Aliados Históricos do PT Criticam “Abandono” da Abin e Buscam Direcionamento Político
A Agência Brasileira de Inteligência (Abin) encontra-se em um cenário de incertezas e críticas, com figuras proeminentes do Partido dos Trabalhadores expressando frustração com a atual gestão e a falta de um direcionamento estratégico claro. A situação gerou um debate sobre o papel da agência e as intenções por trás das cobranças públicas.
Um seminário realizado em Brasília, promovido pela Intelis, entidade que representa servidores da Abin, e pela Unipop, instituto de formação política alinhado à esquerda, serviu de palco para declarações contundentes. Ex-dirigentes petistas, como José Genoino, Ricardo Berzoini e José Dirceu, manifestaram preocupação com o que consideram uma “fragilidade” da agência e a ausência de um “projeto de Estado” para a inteligência brasileira.
Essas declarações, divulgadas em um site de esquerda, sugerem uma cobrança legítima por parte de aliados históricos que se sentem deixados de lado pelo governo que ajudaram a eleger. No entanto, a análise do cenário aponta para uma complexa disputa de poder e a tentativa de preencher um vácuo de liderança criado pelo próprio governo Lula. Conforme informações divulgadas, a Abin estaria “no limbo”, sem diretrizes claras da Casa Civil.
Descontentamento com a Gestão e Orçamento Limitado da Abin
A transferência da Abin do Gabinete de Segurança Institucional (GSI), com forte presença militar, para a Casa Civil, no início do mandato, visava a um comando político mais alinhado ao PT. Contudo, o que se encontrou foi um órgão com orçamento modesto de R$ 933 milhões em 2026, sendo apenas R$ 81 milhões destinados às atividades-fim de informação e inteligência. O restante é majoritariamente comprometido com pensões, evidenciando a falta de prioridade orçamentária.
A falta de diretrizes claras e a ausência de uma liderança efetiva na Casa Civil têm gerado um sentimento de abandono entre os que esperavam um direcionamento político mais assertivo. A crítica se volta para a percepção de que a inteligência de Estado nunca foi uma prioridade real para o partido quando o poder estava consolidado, e o que incomoda agora seria a falta de “diretrizes claras” que sirvam aos interesses partidários.
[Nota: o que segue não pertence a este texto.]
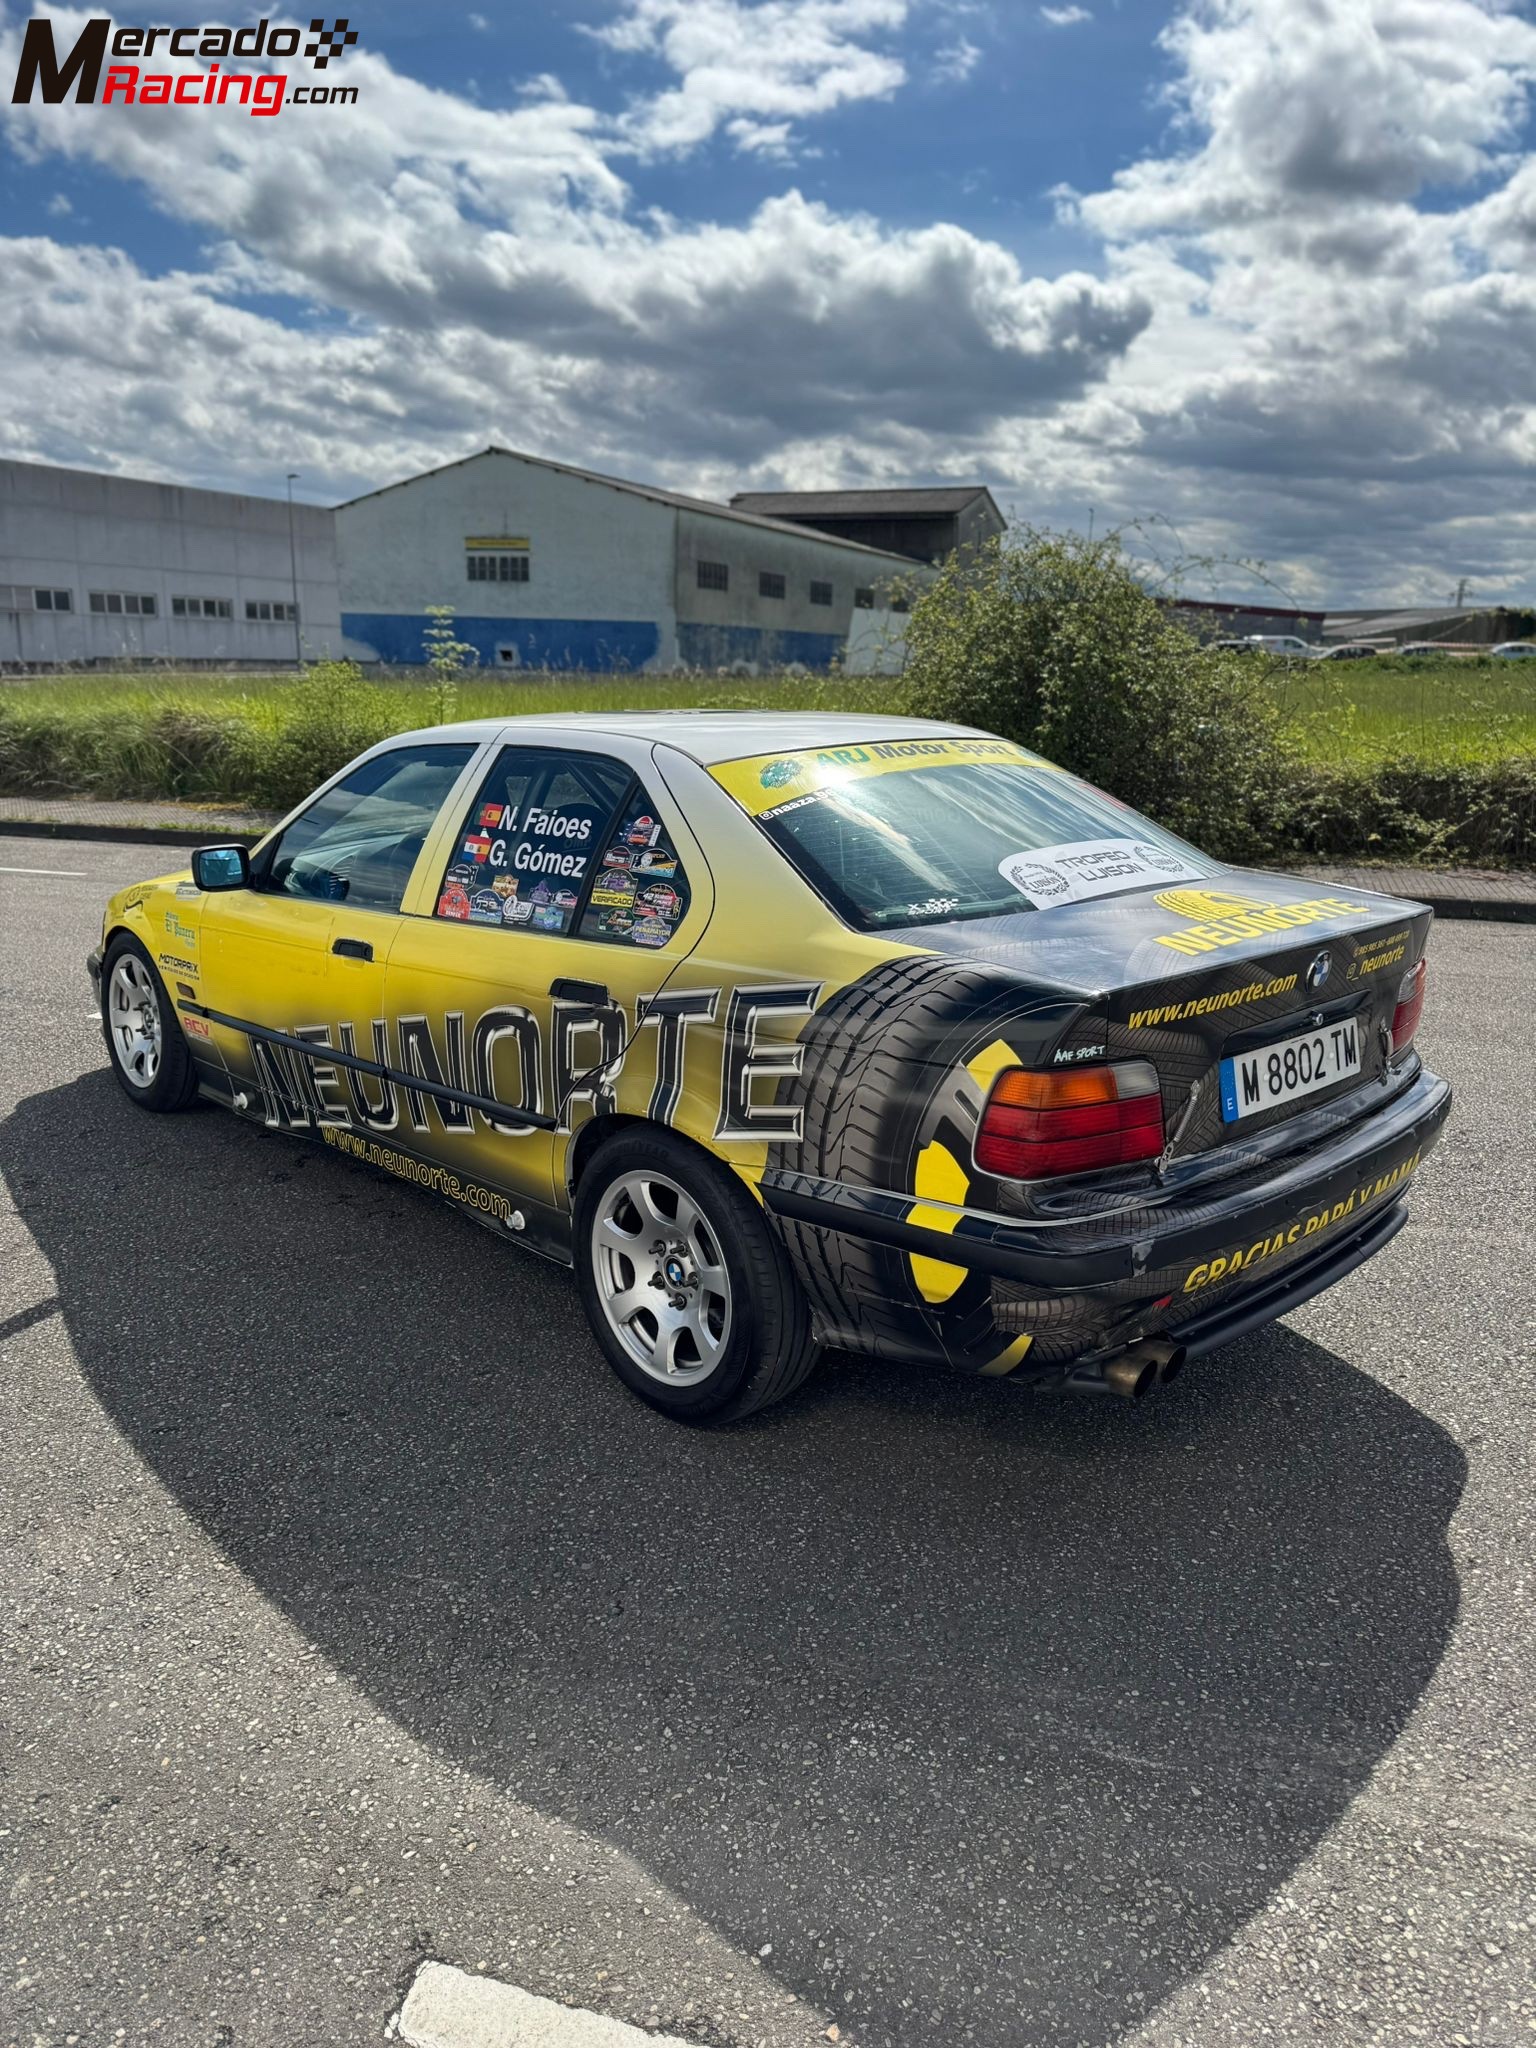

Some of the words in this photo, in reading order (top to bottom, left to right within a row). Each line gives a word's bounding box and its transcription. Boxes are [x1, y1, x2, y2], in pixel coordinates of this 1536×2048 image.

[816, 746, 871, 767] ARJ
[871, 742, 949, 760] Motor
[950, 741, 1015, 757] Sport
[498, 805, 517, 832] N.
[522, 807, 592, 840] Faioes
[489, 839, 508, 868] G.
[514, 841, 587, 878] Gómez
[1054, 850, 1131, 869] TROFEO
[1077, 862, 1147, 882] LUISON
[592, 895, 633, 906] VERIFICADO
[1153, 897, 1370, 956] NEUNORTE
[1128, 971, 1298, 1030] www.neunorte.com
[249, 981, 825, 1142] NEUNORTE
[1076, 1045, 1106, 1059] SPORT
[1242, 1059, 1260, 1106] M
[1267, 1038, 1326, 1095] 8802
[1330, 1025, 1357, 1071] TM
[1227, 1097, 1234, 1111] E
[321, 1124, 511, 1220] www.neunorte.com
[1182, 1224, 1301, 1293] GRACIAS
[1373, 1145, 1422, 1196] MAMÁ
Críticas à “Politização” e Busca por um “Projeto de Estado”
O seminário, organizado pela Intelis e Unipop, propõe, na prática, a substituição de uma suposta tutela militar por uma tutela partidária explícita. A demanda é por uma Abin “civil” e forte, mas com o objetivo de servir ao projeto de poder do PT em 2026, e não necessariamente ao Estado brasileiro como um todo. Essa visão é criticada por especialistas, que ressaltam a necessidade de profissionalismo, continuidade institucional, recursos bem aplicados e, acima de tudo, imparcialidade para a inteligência de Estado.
A agência, sob a direção de Luiz Fernando Corrêa, indicado pelo Planalto, tem enfrentado momentos delicados, incluindo indiciamentos na Polícia Federal, atritos com a PF e descontentamento interno. Relatórios como “Desafios de Inteligência 2026” são produzidos, mas o ruído sugere uma ausência de comando coerente, o que reforça a percepção de fragilidade.
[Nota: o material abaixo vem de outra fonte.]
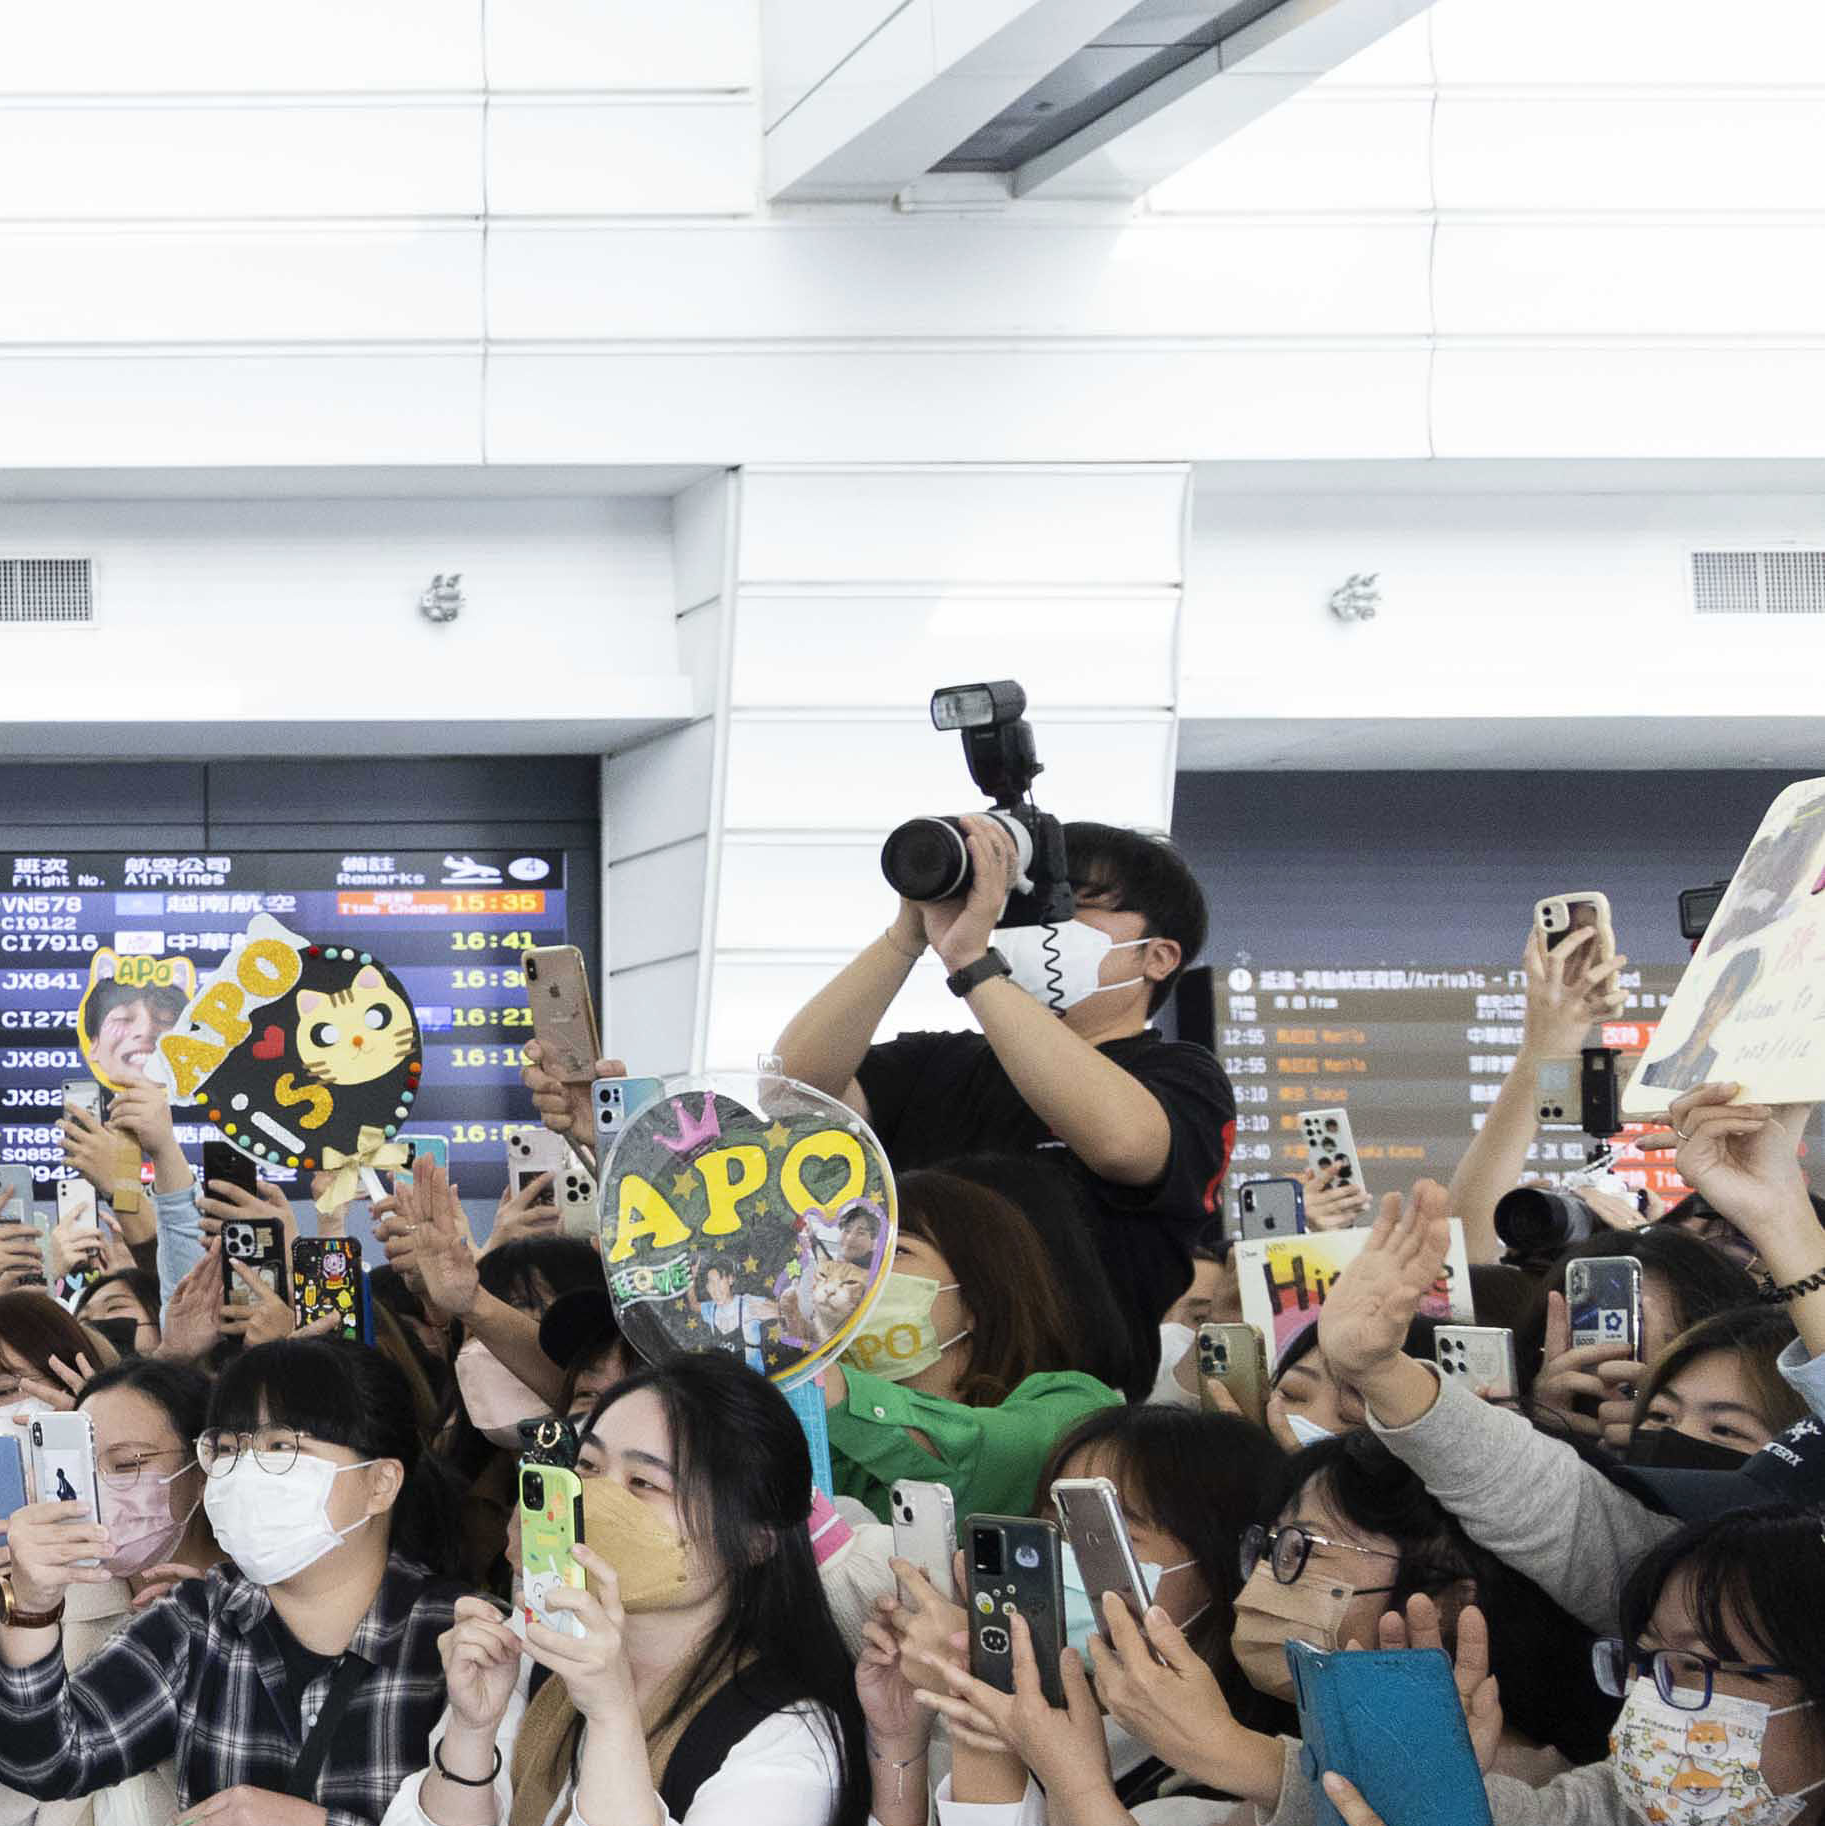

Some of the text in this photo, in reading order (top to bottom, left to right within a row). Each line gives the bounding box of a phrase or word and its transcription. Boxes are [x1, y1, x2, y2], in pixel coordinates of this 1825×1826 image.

[13, 875, 69, 887] Flight
[125, 873, 224, 885] Airlines
[337, 873, 424, 885] Remarks
[2, 896, 82, 912] VN578
[166, 896, 296, 912] 越南航空
[1, 917, 76, 930] CI9122
[1, 935, 98, 951] CI7916
[119, 962, 171, 983] APO
[2, 973, 82, 989] JX841
[160, 939, 303, 1097] APO
[2, 1051, 82, 1068] JX801
[1235, 1087, 1269, 1102] 5:10
[607, 1129, 866, 1264] APO
Profissionalização ou Captura Partidária: O Futuro da Abin
A solução para a Abin, segundo críticos, não reside em sua politização ainda maior, sob o pretexto de “reformulação estratégica”. A verdadeira necessidade seria a profissionalização da agência, afastando-a de interesses partidários e de “caciques frustrados” que cobram agora o que não souberam construir em oportunidades anteriores. A agência continua órfã, e os que se candidatam a novos “pais” percebem que o berço está vazio, pois o governo optou por manter a agência em um limbo, ao invés de assumi-la abertamente como um instrumento de poder.
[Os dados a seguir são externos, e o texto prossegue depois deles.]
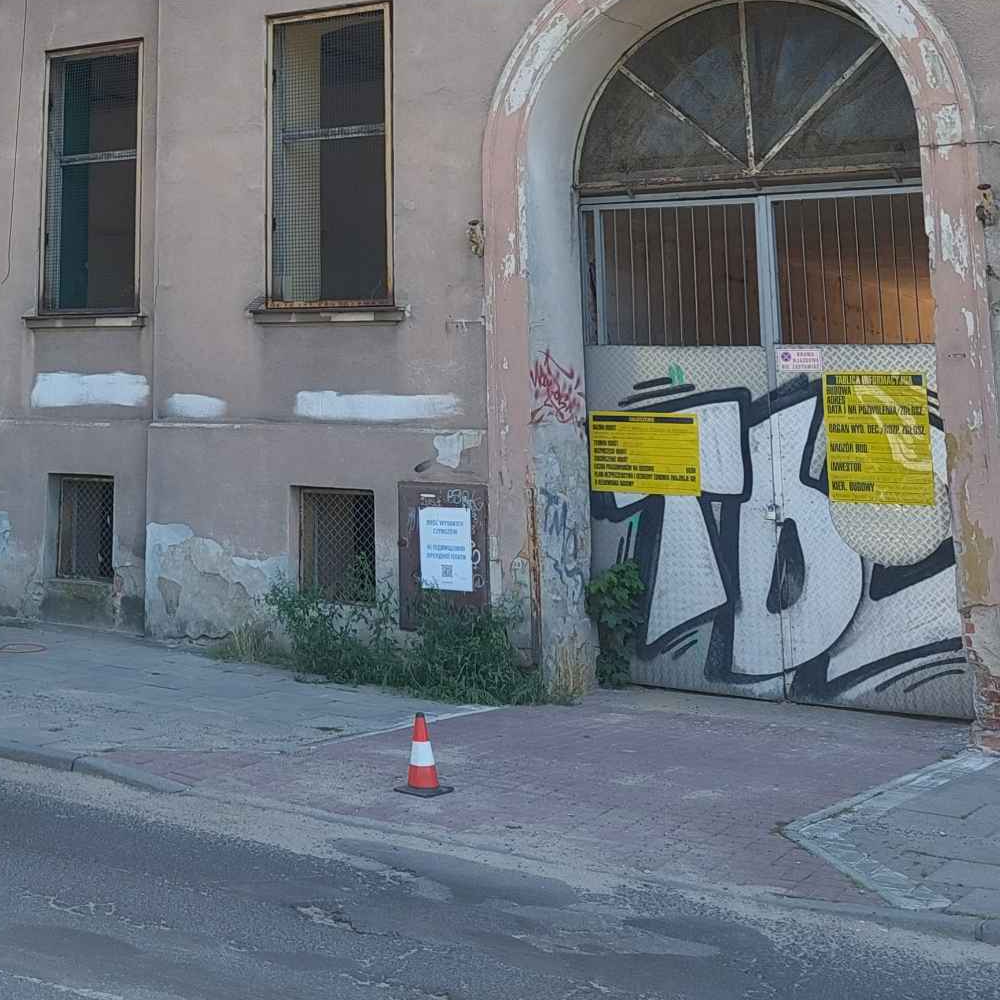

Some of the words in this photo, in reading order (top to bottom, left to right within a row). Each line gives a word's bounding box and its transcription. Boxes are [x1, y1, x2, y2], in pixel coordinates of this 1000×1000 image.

[836, 375, 860, 385] TABLICA
[826, 386, 851, 395] BUDOWA
[827, 405, 843, 414] DATA
[829, 424, 850, 433] ORGAN
[831, 461, 862, 472] INWESTOR
A inteligência de Estado exige profissionalismo, continuidade institucional e imparcialidade. Construir isso através de seminários com entidades corporativas de servidores e institutos de formação política de esquerda, ou por meio de cobranças públicas de ex-presidentes do PT, é visto como um caminho equivocado. A fragilidade da Abin é real, mas a resposta não está em sua captura por interesses partidários.